> **What the task requires**
Except for the pictures, retype the records that follow exactly.
================
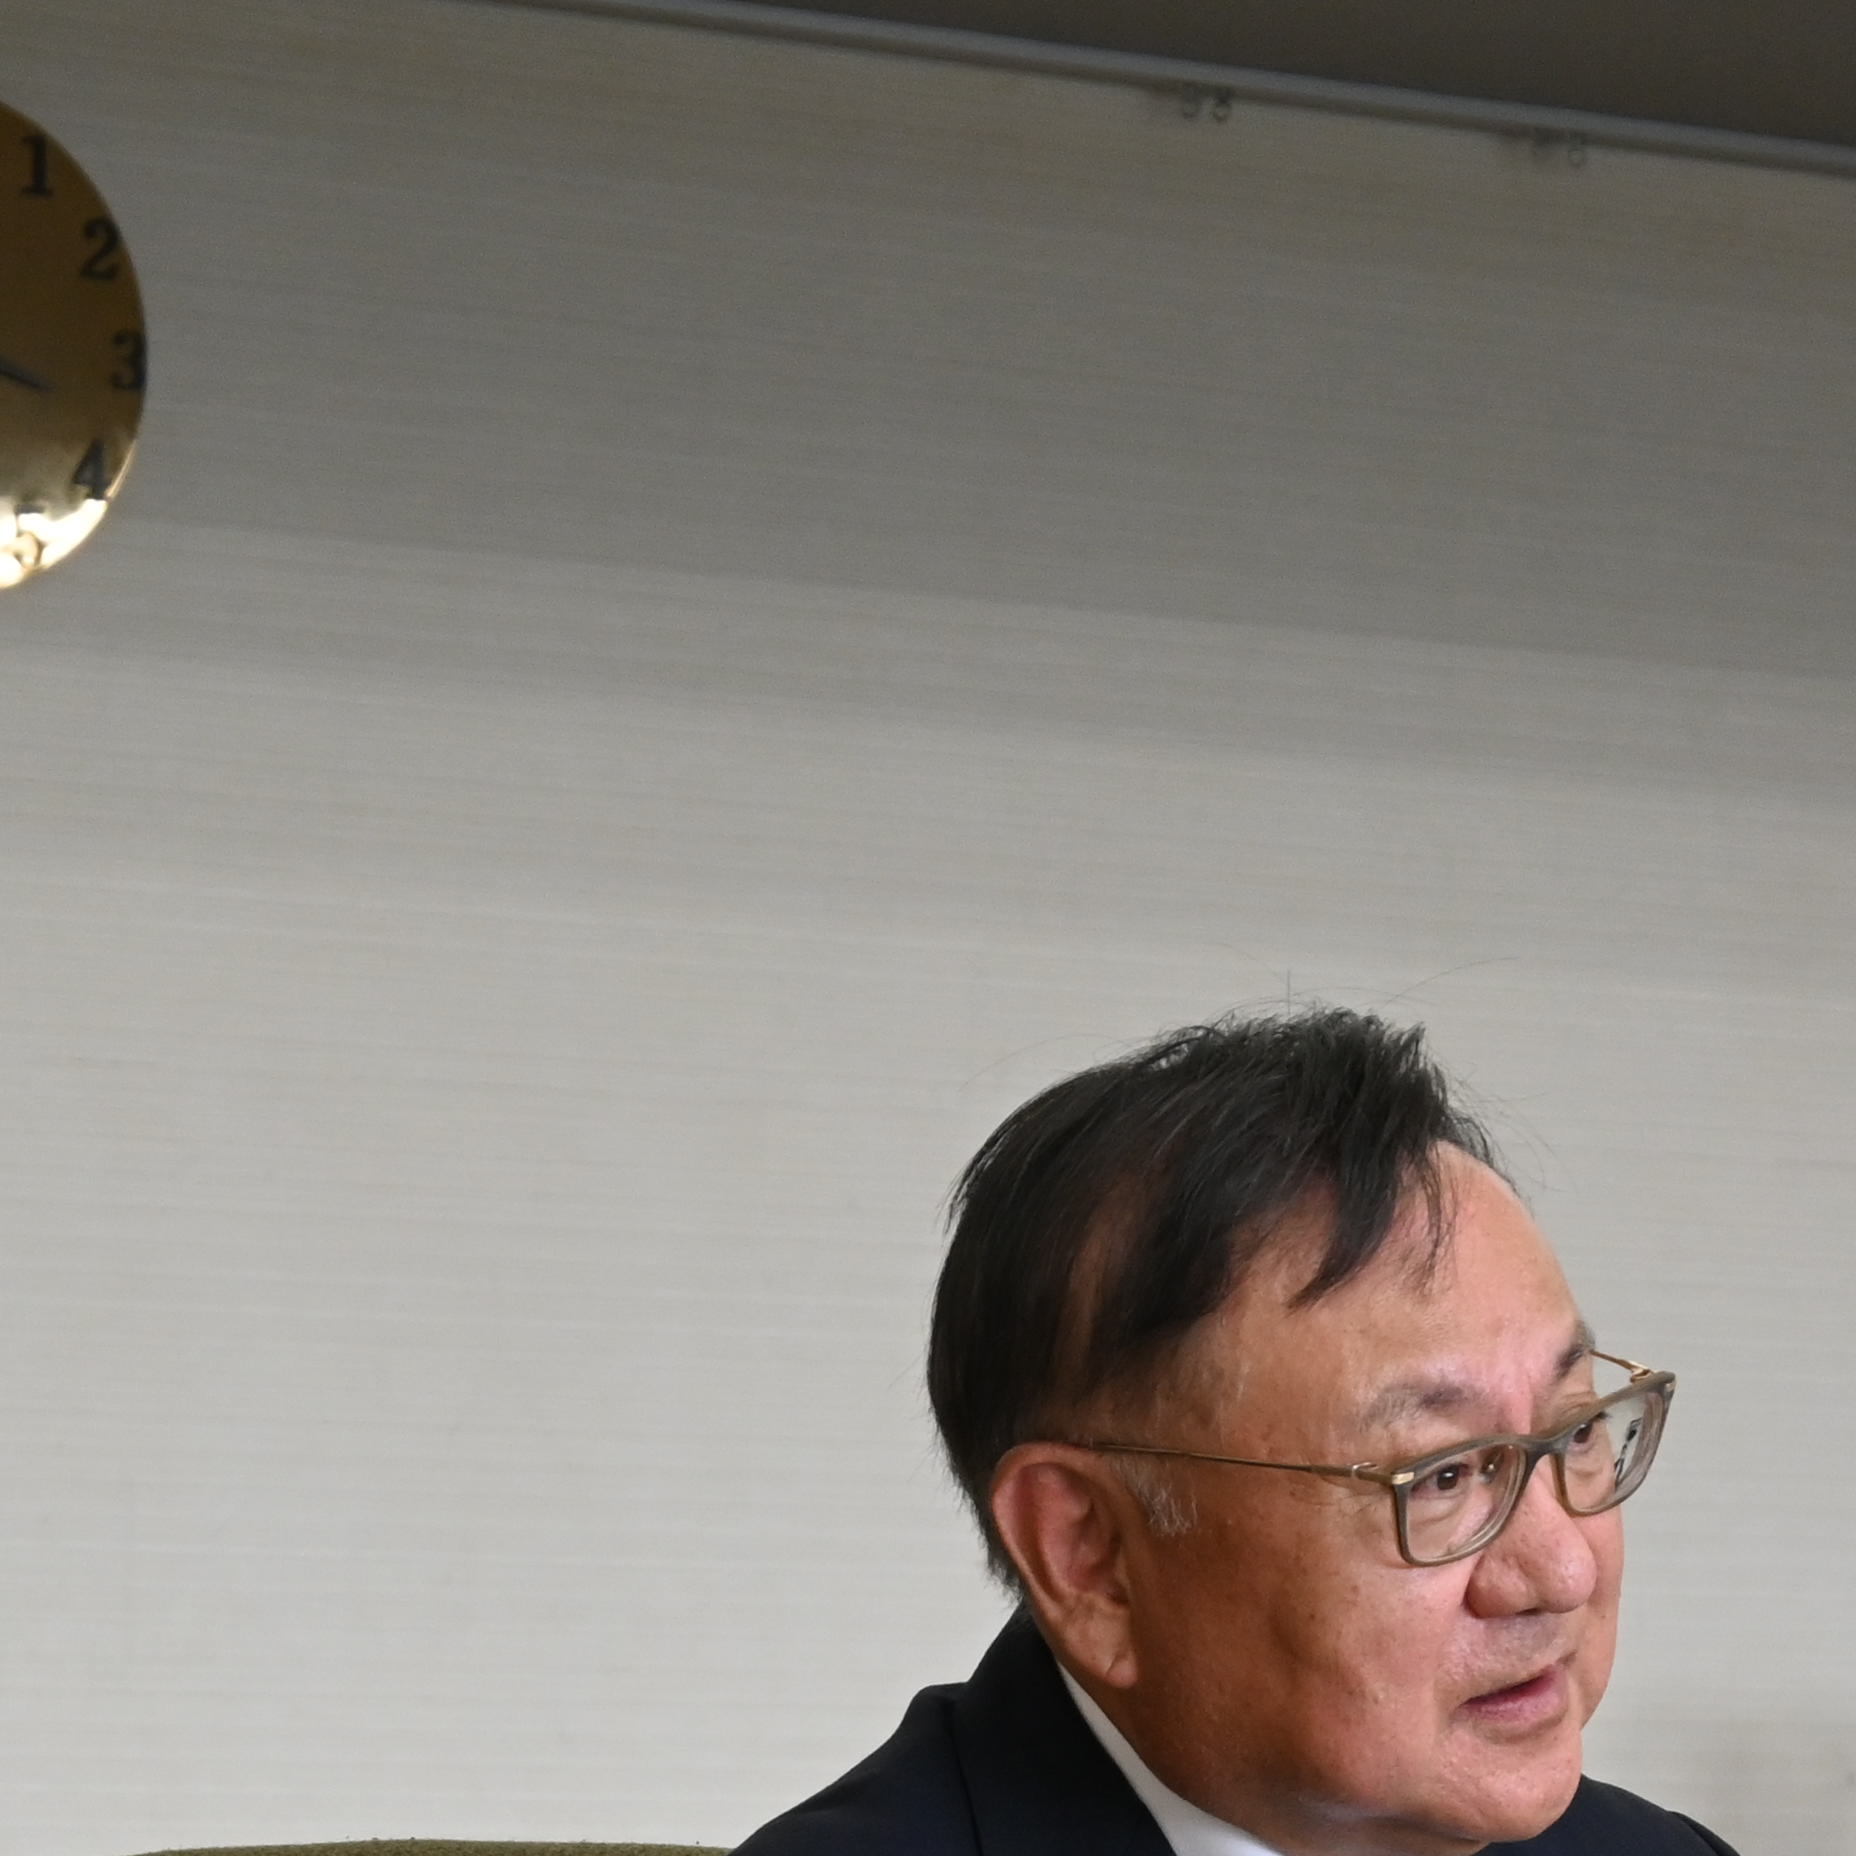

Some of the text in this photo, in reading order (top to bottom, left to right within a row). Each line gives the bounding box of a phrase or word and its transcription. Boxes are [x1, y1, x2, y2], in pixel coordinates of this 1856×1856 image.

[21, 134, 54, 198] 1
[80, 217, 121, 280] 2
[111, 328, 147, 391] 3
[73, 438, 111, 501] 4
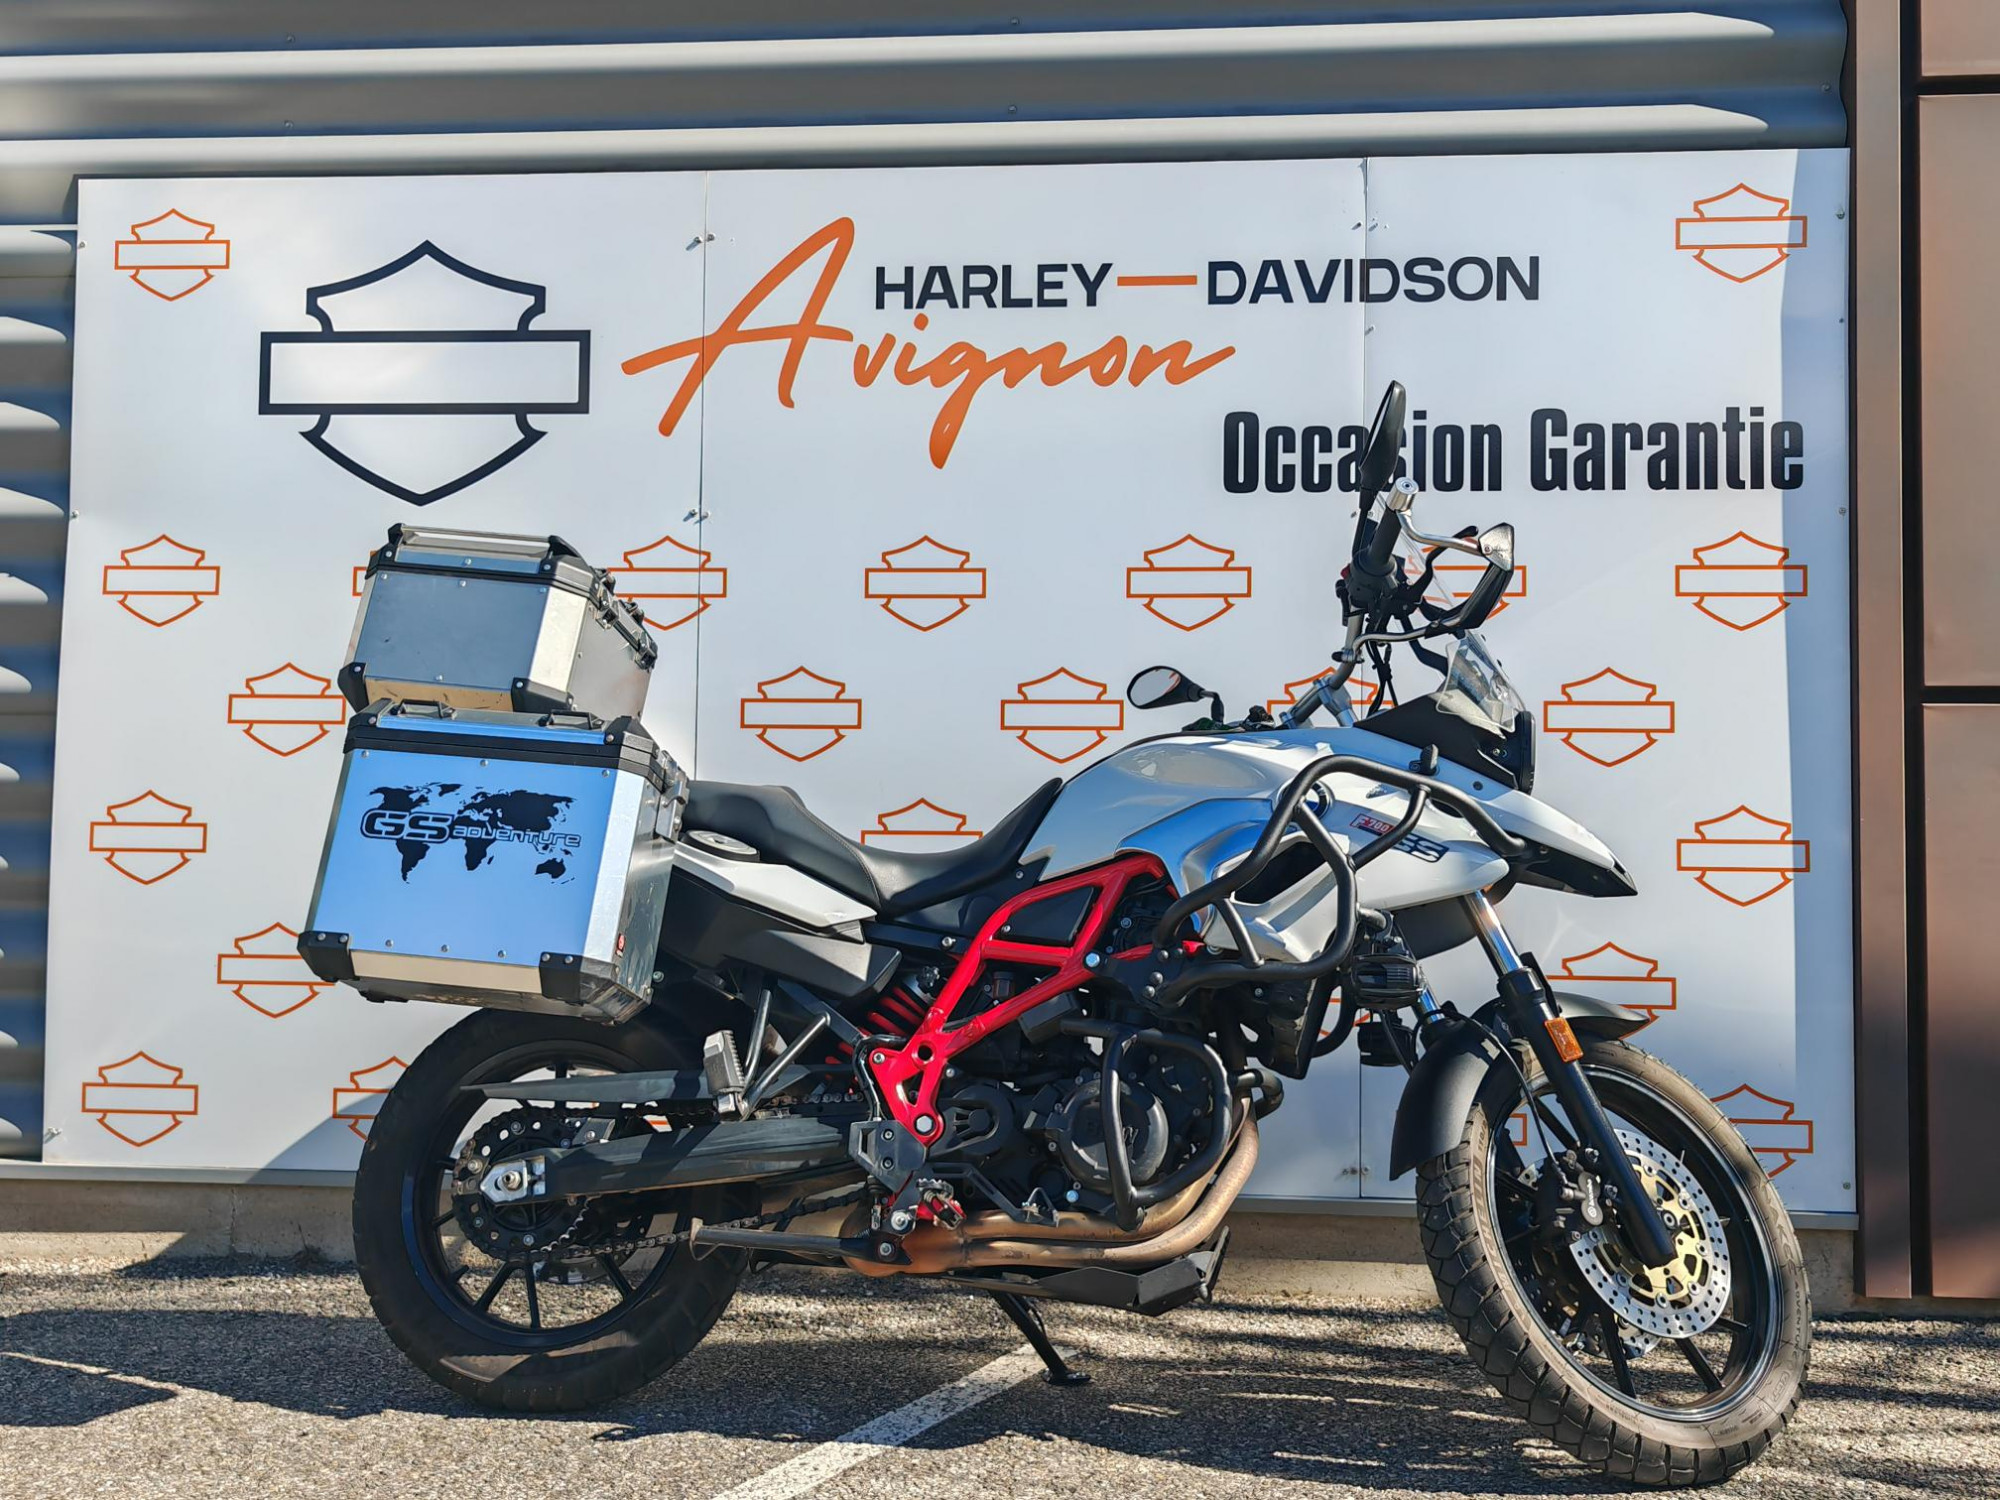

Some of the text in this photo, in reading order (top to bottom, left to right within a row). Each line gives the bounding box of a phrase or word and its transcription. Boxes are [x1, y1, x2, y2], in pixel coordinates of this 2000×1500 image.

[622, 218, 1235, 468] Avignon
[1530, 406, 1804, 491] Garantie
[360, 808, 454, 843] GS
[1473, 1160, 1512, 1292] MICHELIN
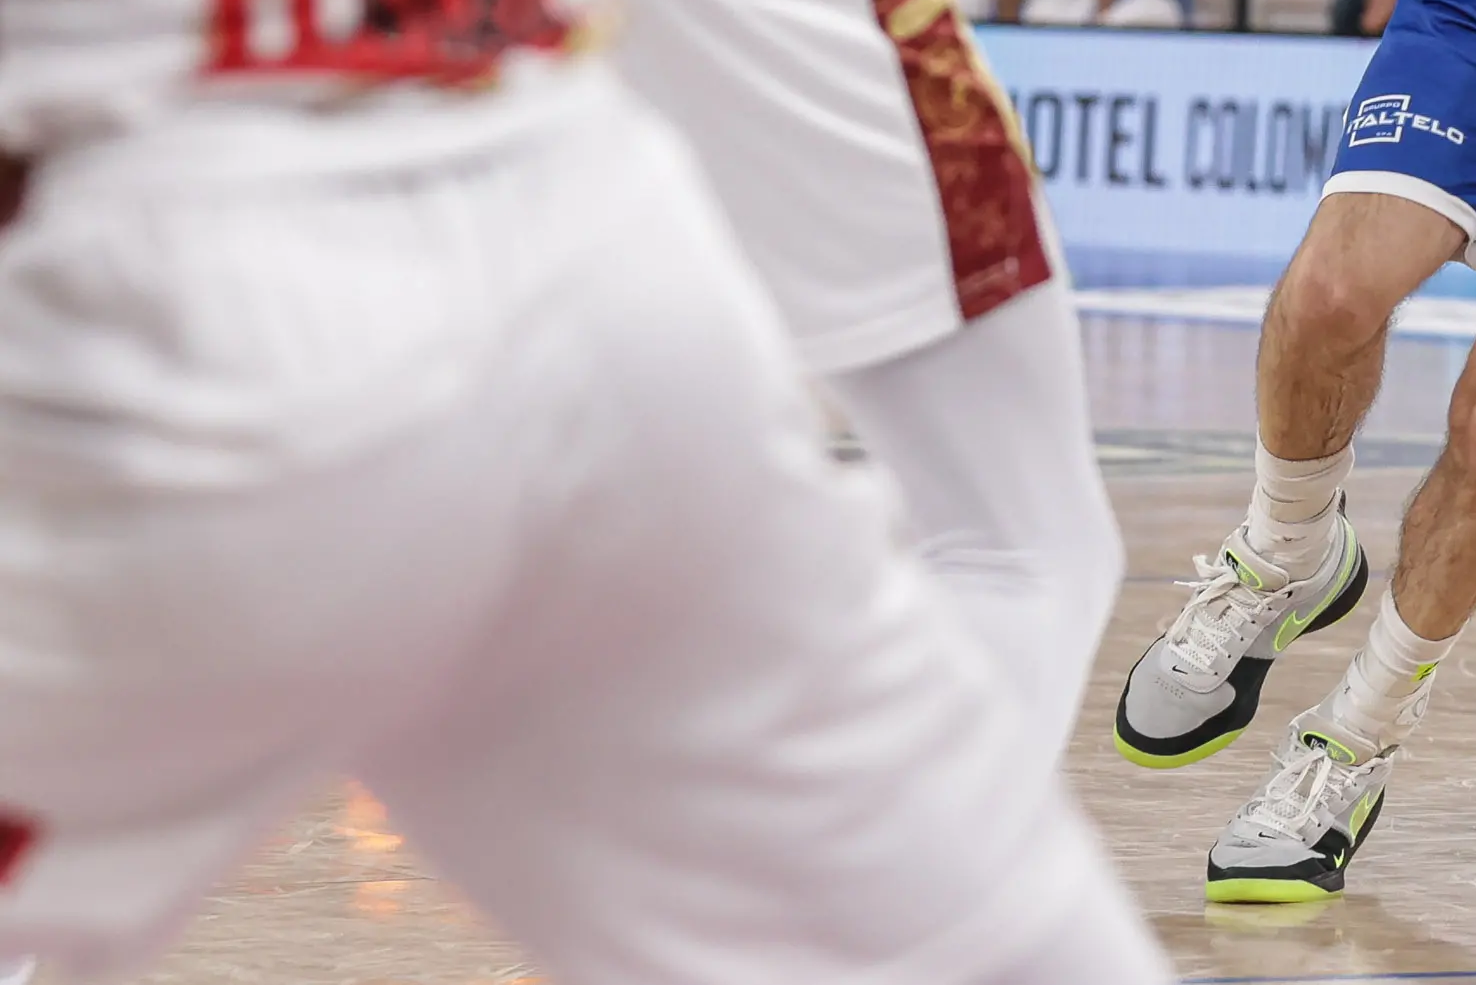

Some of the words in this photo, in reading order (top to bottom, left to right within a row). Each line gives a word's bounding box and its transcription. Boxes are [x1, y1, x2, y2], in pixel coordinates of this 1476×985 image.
================
> **Solution to this exercise**
Some of the text in this photo, in reading order (top to bottom, left to right within a row). Each line gives the bounding box of a phrase or word and its transcription. Boxes are [x1, y1, x2, y2], in pixel coordinates of this 1856×1856 image.

[21, 134, 54, 198] 1
[80, 217, 121, 280] 2
[111, 328, 147, 391] 3
[73, 438, 111, 501] 4

Some of the text in this photo, in reading order (top to bottom, left to right within a row). Each line gives the bounding box of a phrase or word and its transcription. Boxes are [x1, y1, x2, y2], in pixel coordinates of this 2000×1500 image.

[622, 218, 1235, 468] Avignon
[1530, 406, 1804, 491] Garantie
[360, 808, 454, 843] GS
[1473, 1160, 1512, 1292] MICHELIN

Some of the words in this photo, in reading order (top to bottom, left to right within a row). Each line gives a word's bounding box and its transcription. Boxes are [x1, y1, x2, y2], in pixel coordinates of this 1476×985 image.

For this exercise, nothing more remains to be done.